Le colline piemontesi in autunno sono qualcosa di magico, ovunque guardi puoi scorgere qualcosa che ti lascia a bocca aperta: i colori caldi delle foglie che cadono, il profumo della terra umida, o l’aria fresca che ti riempie i polmoni. È per questo che ho deciso di partecipare a questo retreat di yoga; avevo bisogno di staccarmi dalla città, dal lavoro e dalla mia vita frenetica per ritrovare me stessa. Questo posto è perfetto: è un casolare immerso nel verde, lontano da tutto e da tutti. Un piccolo rifugio: silenzioso, accogliente e rustico, immerso nella natura.
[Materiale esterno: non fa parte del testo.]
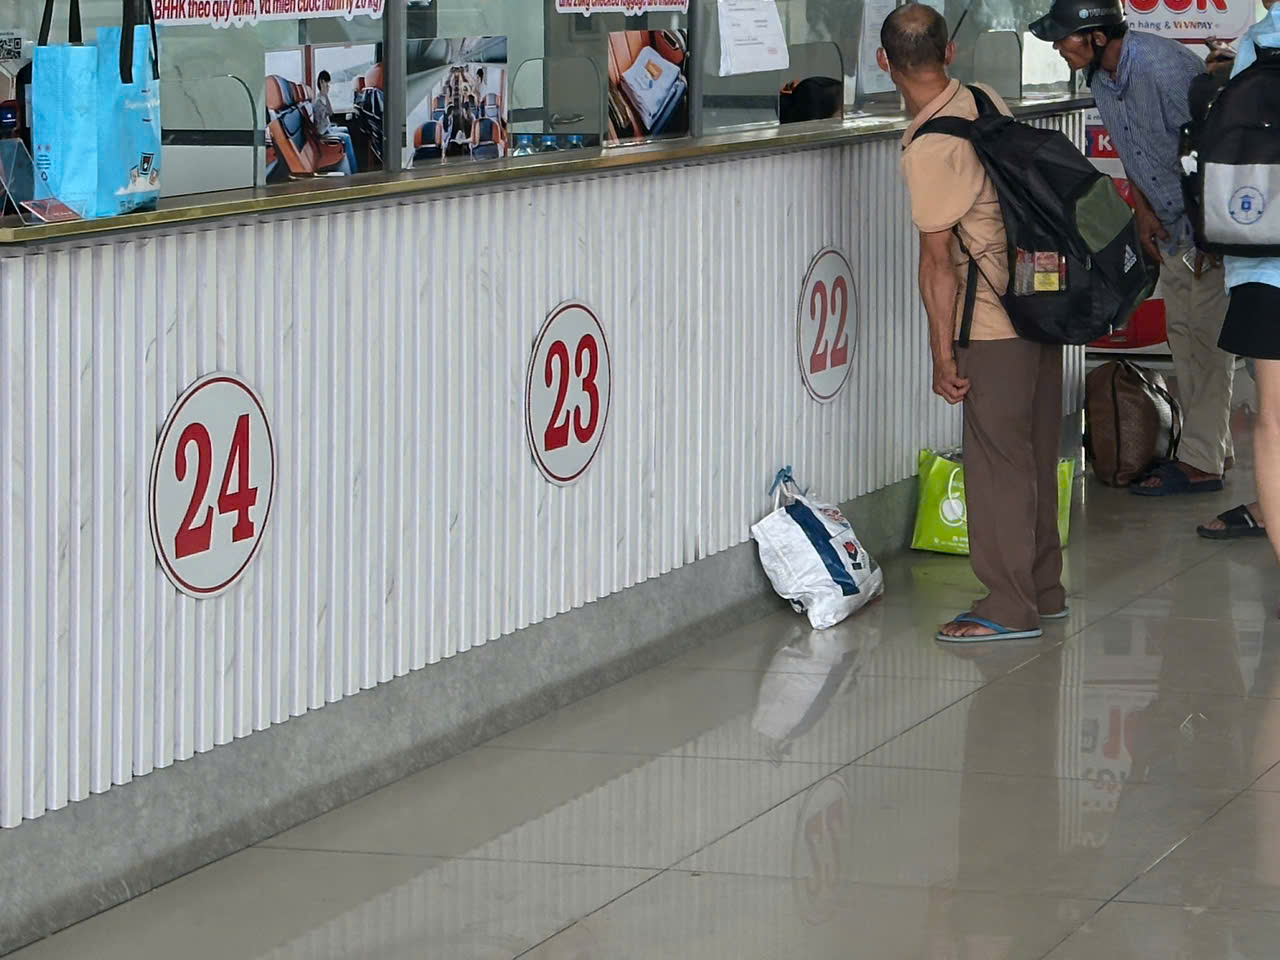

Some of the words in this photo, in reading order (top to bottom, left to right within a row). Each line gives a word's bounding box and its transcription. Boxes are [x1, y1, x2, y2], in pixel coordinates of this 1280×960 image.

[809, 275, 849, 374] 22
[544, 334, 600, 451] 23
[174, 412, 258, 559] 24
L’aria frizzante mi solletica la pelle mentre mi avvicino all’ingresso. Vengo accolta da uno degli insegnanti con un sorriso e una tazza di tè caldo. Le regole sono chiare: niente telefoni, niente interazioni sociali, solo meditazione, yoga, e silenzio. Perfetto. Entro nella stanza comune, dove siamo tutti riuniti per la prima sessione di meditazione.

Mi siedo su un cuscino, chiudo gli occhi e inizio a seguire gli esercizi di respirazione focalizzandomi sul diaframma. Sento lentamente il corpo rilassarsi. Ma sento qualcosa che mi distrae: qualcuno che mi osserva. Apro gli occhi, lo vedo. Un insegnante dagli occhi intensi e penetranti che mi guardano incuriositi. Lentamente torna a praticare. Non so cosa pensare, ma sento una strana connessione. Chiudo gli occhi nuovamente, cercando di concentrarmi sulla meditazione.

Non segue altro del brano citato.